Frequently hysterical ‘Hysteria’
Good vibrations: Hugh Dancy and Rupert Everett in “Hysteria.”
Updated: May 24, 2012 8:34PM
HYSTERIA
★ ★ ★ 1/2
The Victorian era is justly famous for many fine developments: railroads, neo-gothic architecture, universal suffrage, the rise of the middle class and inventions such as photography, the phonograph and the telephone.
Stuffiness, too. The Victorians developed stiff, stuffy propriety to its greatest height, which may explain why we seldom associate the era with one of its most revolutionary innovations: the invention of the vibrating personal massager.
It certainly explains why there’s rarely a scene in Tanya Wexler’s wonderful (and often very, very funny) romantic comedy “Hysteria” that doesn’t prompt a smile of delight — just from savoring the perfect irony of the situation.
Wexler, a Chicago and Long Grove-raised half-sister of ’80s star Daryl Hannah and niece of Oscar-winning cinematographer Haskell Wexler, made two well-received independent features (“Finding North” and “Ball in the House”) a decade ago before taking time off to start a family. She developed “Hysteria” from little more than the basic historical facts of the case and the hilarity that ensued anytime she thought of Victorians and vibrators at the same time. That reaction also, apparently, prompted playwright Sarah Ruhl to create her similarly themed, 2010 Tony-nominated stage comedy “In the Next Room.”
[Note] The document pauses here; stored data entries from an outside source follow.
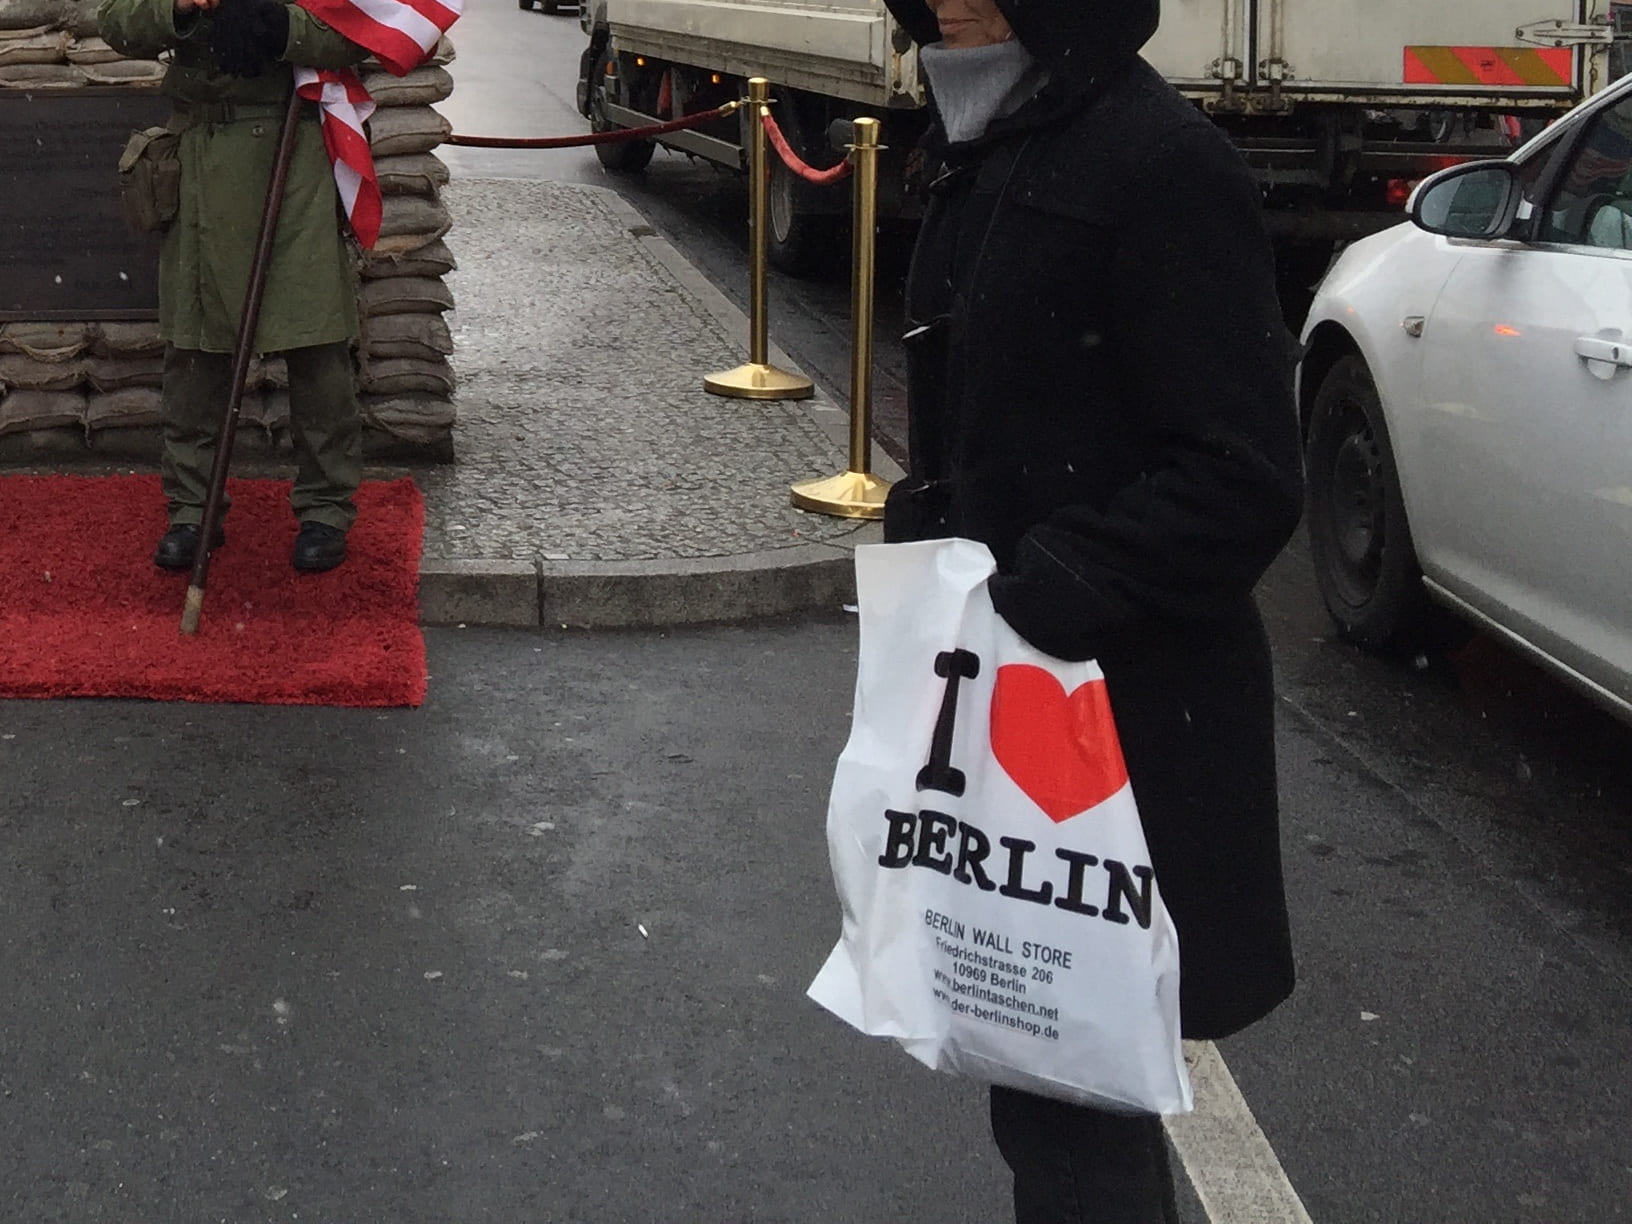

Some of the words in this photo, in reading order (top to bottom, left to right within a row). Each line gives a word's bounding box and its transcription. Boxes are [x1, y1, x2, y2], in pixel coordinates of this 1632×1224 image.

[915, 647, 981, 797] I
[878, 809, 1154, 930] BERLIN
[925, 909, 965, 940] BERLIN
[973, 927, 1013, 954] WALL
[1022, 941, 1073, 969] STORE
[936, 937, 1027, 977] Friedrichstrasse
[1031, 966, 1054, 984] 206
[952, 962, 987, 982] 10969
[990, 973, 1027, 994] Berlin
There are numerous ironies underscoring the laughs in “Hysteria” and one of them is that progressive, enlightened, scientific thinking is far from a plus in the life of dedicated young doctor Mortimer Granville (Hugh Dancy, perfectly cast).
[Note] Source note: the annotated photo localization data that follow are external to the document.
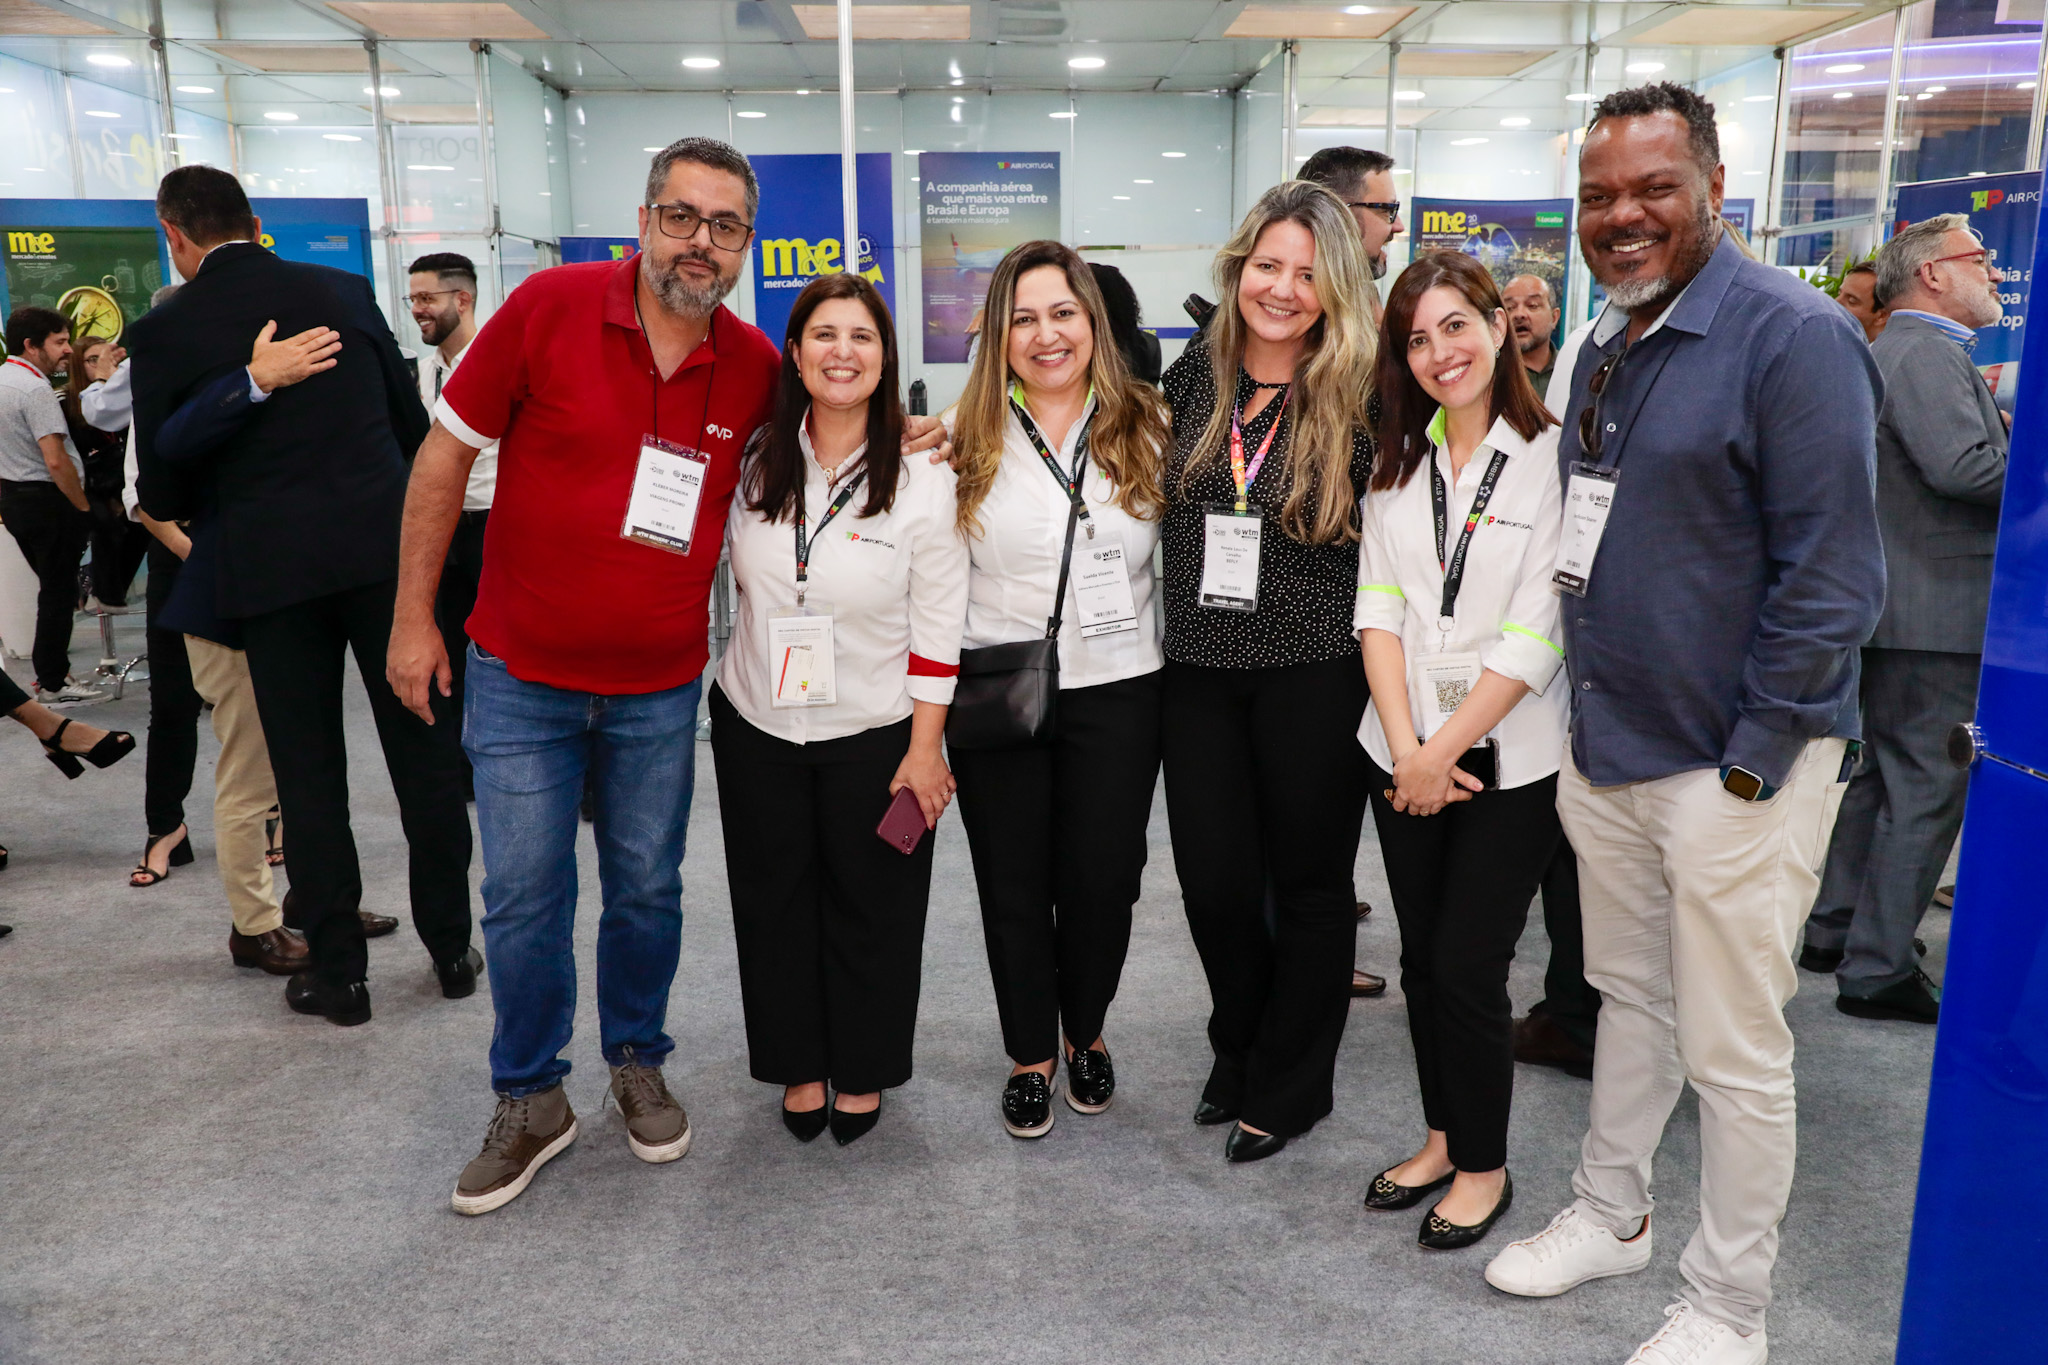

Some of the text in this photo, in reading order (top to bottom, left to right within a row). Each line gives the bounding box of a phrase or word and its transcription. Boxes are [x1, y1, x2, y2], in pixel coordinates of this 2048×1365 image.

[926, 181, 1033, 195] A companhia aérea
[942, 193, 1048, 205] que mais voa entre
[1970, 189, 2004, 212] TAP
[926, 205, 1010, 217] Brasil e Europa
[1422, 210, 1478, 233] m&e 20
[8, 231, 56, 254] m&e
[608, 245, 635, 261] TAP
[761, 237, 845, 277] m&e
[763, 277, 817, 289] mercado&
[681, 472, 700, 484] wtm
[1435, 477, 1443, 496] STAR
[1596, 493, 1610, 503] wtm
[1466, 512, 1481, 532] TAP
[1242, 528, 1259, 536] wtm
[1102, 548, 1121, 558] wtm
[1096, 624, 1122, 633] EXHIBITOR
We make his acquaintance just as he’s being fired from the latest in a series of hospitals by an administrator who finds Granville’s belief in “germ theory” to be dangerously radical. Granville, who realizes it’s no coincidence that funeral parlors often popped up next to hospitals, dreams of finding some safe corner in medicine where he can treat people without killing them.
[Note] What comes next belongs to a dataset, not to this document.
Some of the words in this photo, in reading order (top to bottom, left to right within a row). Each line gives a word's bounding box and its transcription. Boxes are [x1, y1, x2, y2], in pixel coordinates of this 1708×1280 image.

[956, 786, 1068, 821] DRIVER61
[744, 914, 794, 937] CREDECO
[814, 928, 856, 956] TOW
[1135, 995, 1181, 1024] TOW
He finds just that in the thriving practice of Dr. Dalrymple (Jonathan Pryce, also ideal), who has made a fortune by giving bored, depressed, anxious, well-to-do ladies a diagnosis of hysteria and treating them with vigorous therapeutic massage.
This massage is administered with such an air of medical professionalism, and in such an atmosphere of prim propriety, and with such profound denial on all sides, that what might seem a lewd proposition rarely rises above the level of risqué. Wexler revels in that risqué business, though, and makes it pay off with big laughs again and again.
One of the nice touches in “Hysteria” is the fact that young Dr. Granville, in addition to being a dedicated, forward-thinking, modern man of science, is also a bit of a prig. Just enough to be slightly ill at ease in his new practice and slightly outraged by Dr. Dalrymple’s daughter Charlotte (Maggie Gyllenhaal), an outspoken suffragette who campaigns for women’s rights and struggles to maintain a settlement house for the poor.
The doctor’s devoted, demure and thoroughly proper younger daughter Emily (Felicity Jones) is more to his liking, he imagines, but no one who’s seen more than one or two romantic comedies will be in doubt how Mortimer and Charlotte will end up.
Another nice thing is that there’s just enough emotional depth to these characters. Dancy is more an actor than a comic, so you’ll never catch him joking, and Gyllenhaal always brings passion to whatever role she plays, and you care how things will work out for them. Because they’ve been created with such intelligence and wit, they’ll surprise you, here and there.
All this exists, simultaneously, with Wexler’s chief goal, which is to make you laugh, loudly and often, as Victorian inventors brave the unknown (donning safety goggles for the first steam generator-powered human trial) and the potentially improper, for the good of womankind.